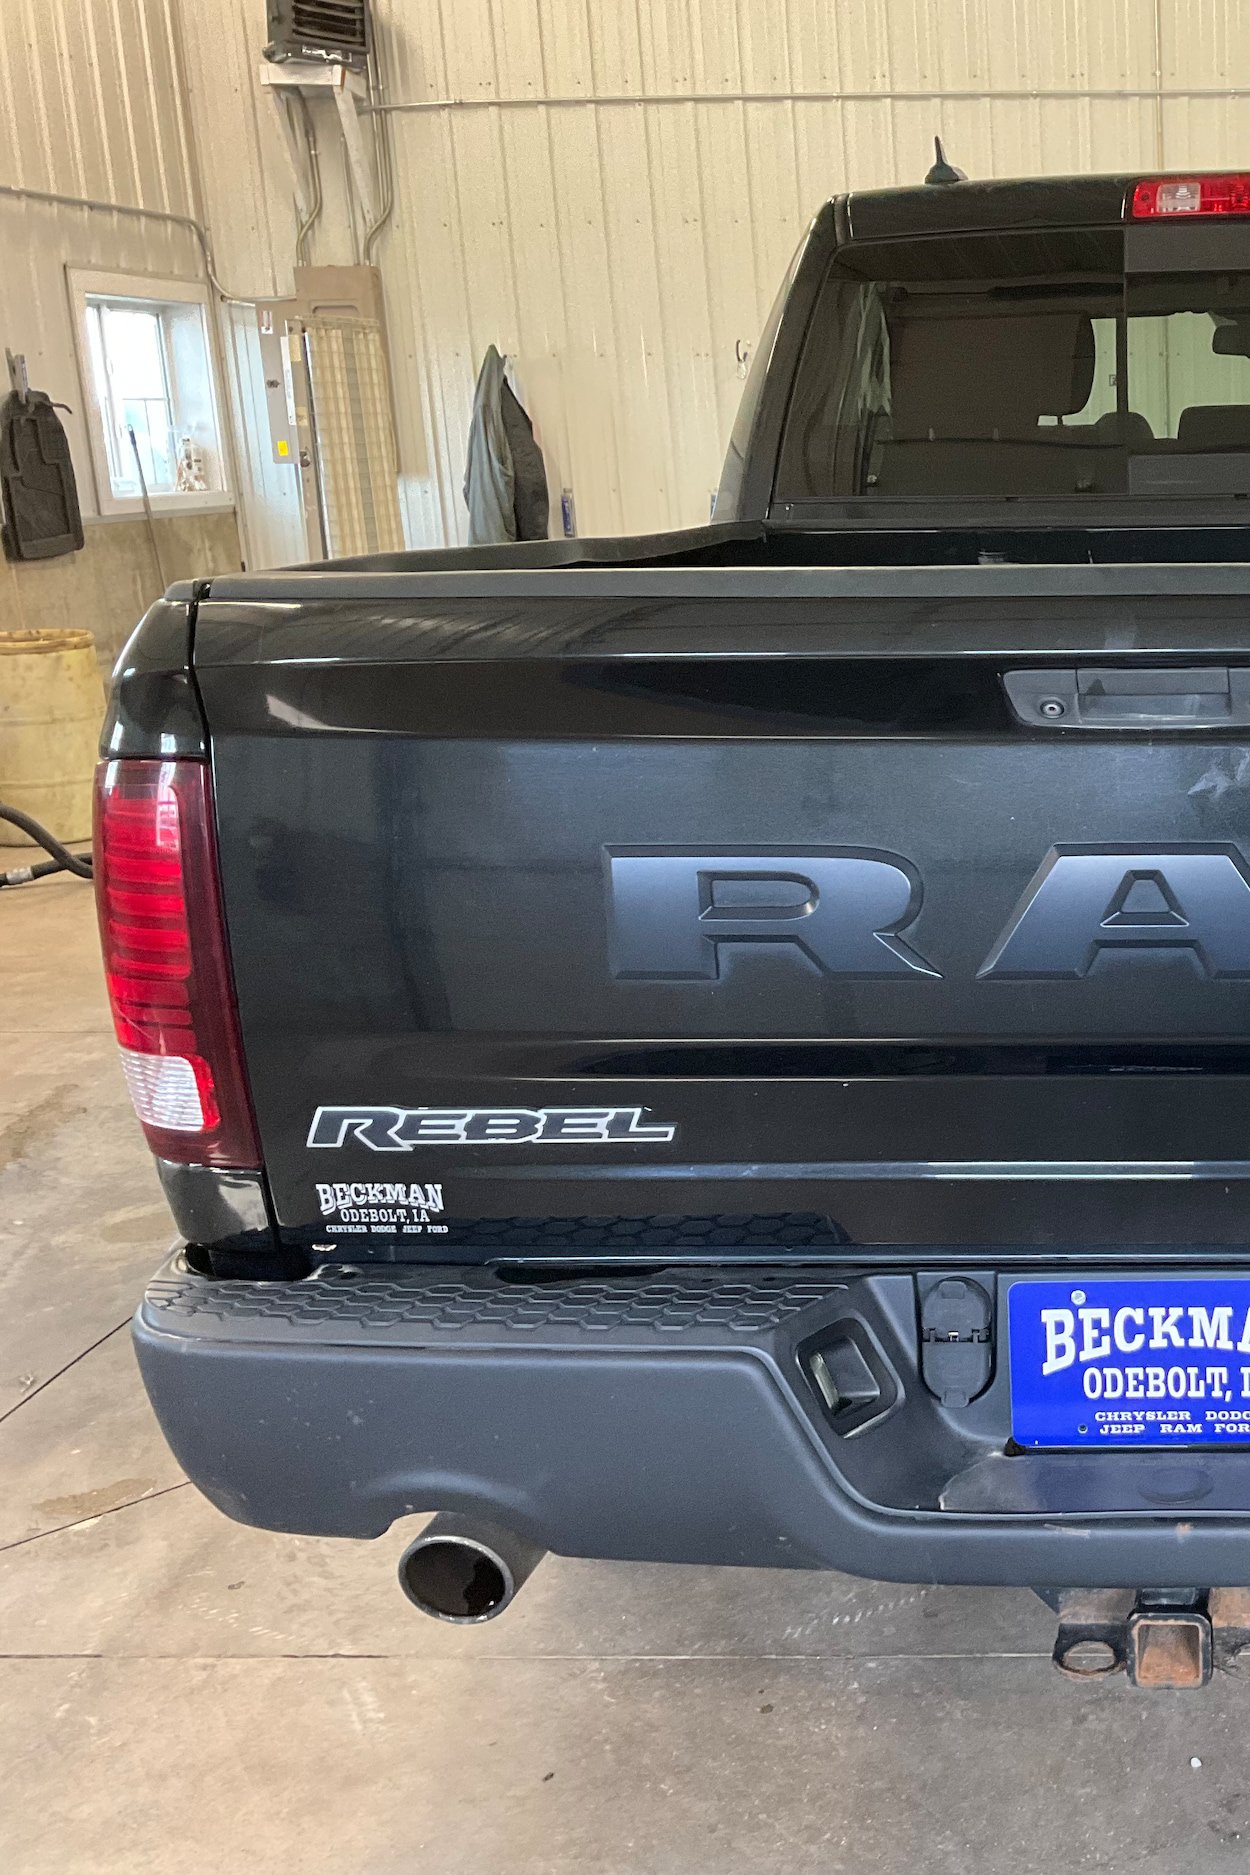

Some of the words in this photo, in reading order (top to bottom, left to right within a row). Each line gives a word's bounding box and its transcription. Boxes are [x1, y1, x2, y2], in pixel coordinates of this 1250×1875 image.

[306, 1105, 678, 1152] REBEL
[315, 1183, 445, 1216] BECKMAN
[340, 1208, 410, 1225] ODEBOLT,
[412, 1208, 431, 1223] IA
[370, 1224, 397, 1234] DODGE
[426, 1224, 449, 1234] FORD
[1083, 1366, 1232, 1402] ODEBOLT,
[1094, 1410, 1192, 1422] CHRYSLER
[1099, 1423, 1146, 1435] JEEP
[1159, 1423, 1203, 1434] RAM
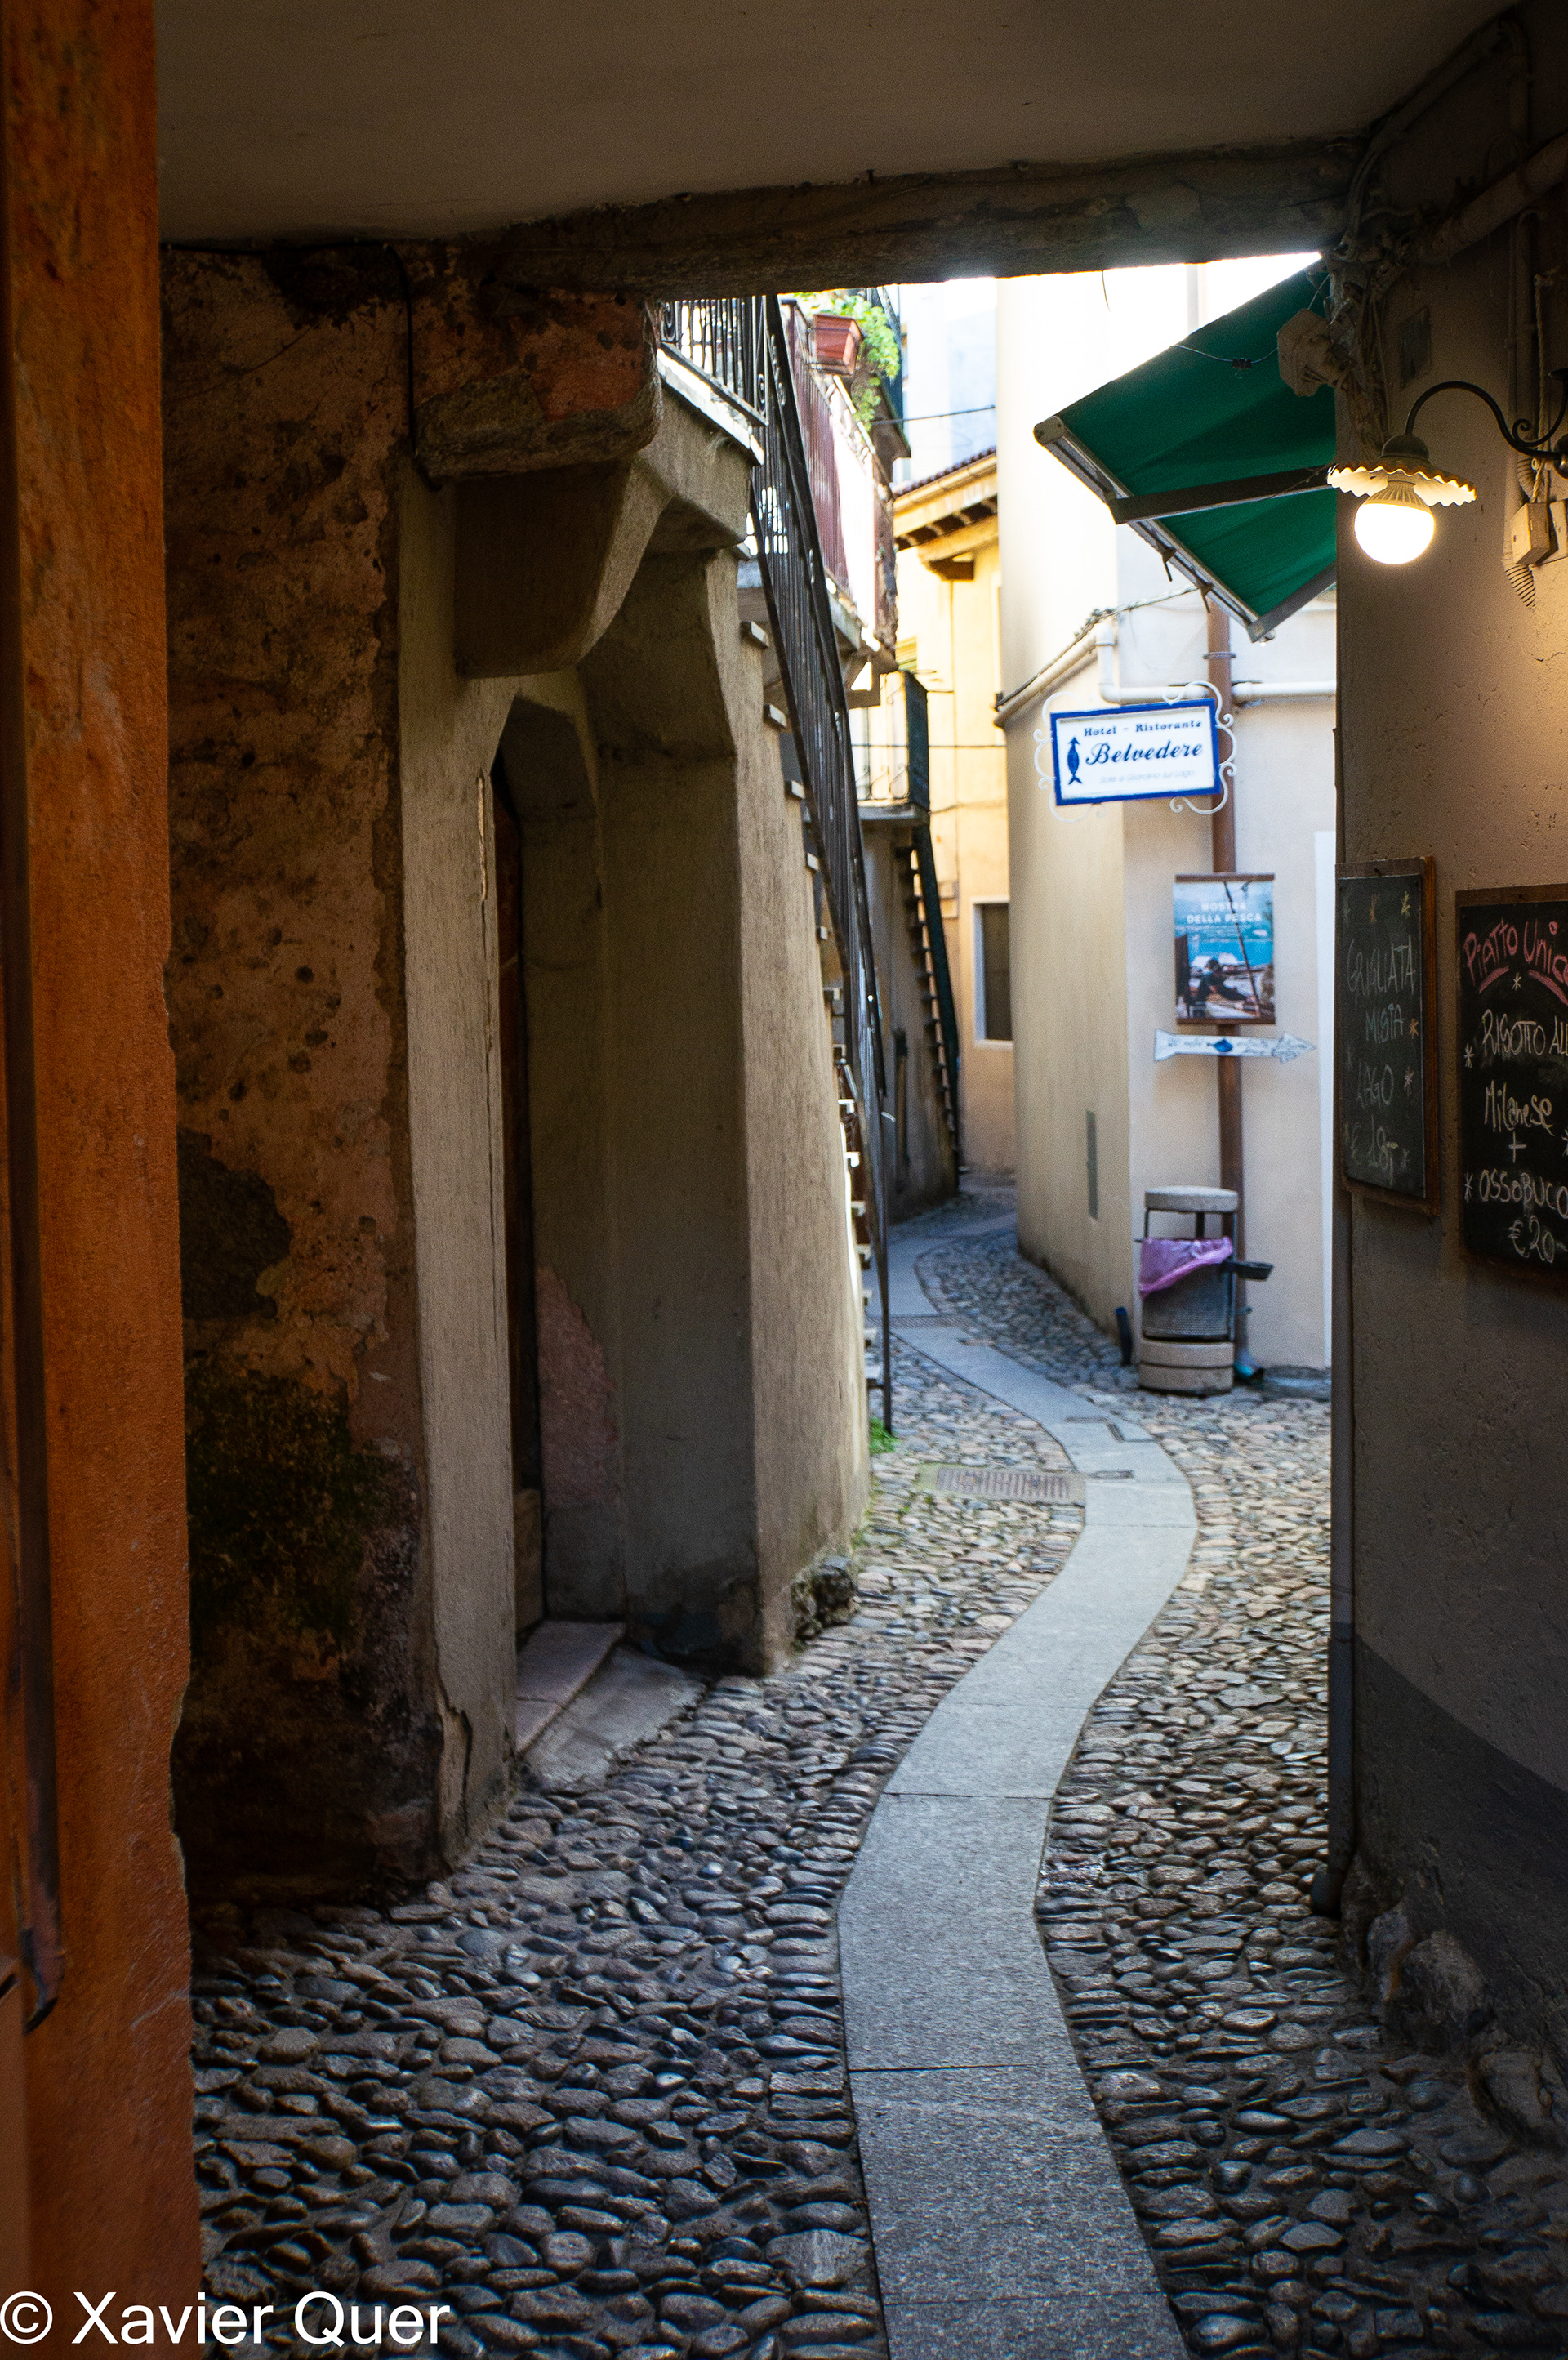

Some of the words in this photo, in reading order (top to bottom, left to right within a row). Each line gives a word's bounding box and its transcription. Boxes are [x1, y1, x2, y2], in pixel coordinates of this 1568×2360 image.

[1084, 725, 1117, 737] Hotel
[1136, 719, 1202, 734] Ristorante
[1085, 739, 1203, 765] Belvedere
[1200, 901, 1246, 912] MOSTRA
[1187, 914, 1221, 924] DELLA
[1225, 912, 1263, 923] PESCA
[1482, 1009, 1546, 1055] RISOTTO
══════════════════════════════
» Exercise aim: Once the line containing "this 1568×2360 image." is found, print it and every line after it through the end of the listing, exactly and alone.

» Output for this exercise:
Some of the words in this photo, in reading order (top to bottom, left to right within a row). Each line gives a word's bounding box and its transcription. Boxes are [x1, y1, x2, y2], in pixel coordinates of this 1568×2360 image.

[1084, 725, 1117, 737] Hotel
[1136, 719, 1202, 734] Ristorante
[1085, 739, 1203, 765] Belvedere
[1200, 901, 1246, 912] MOSTRA
[1187, 914, 1221, 924] DELLA
[1225, 912, 1263, 923] PESCA
[1482, 1009, 1546, 1055] RISOTTO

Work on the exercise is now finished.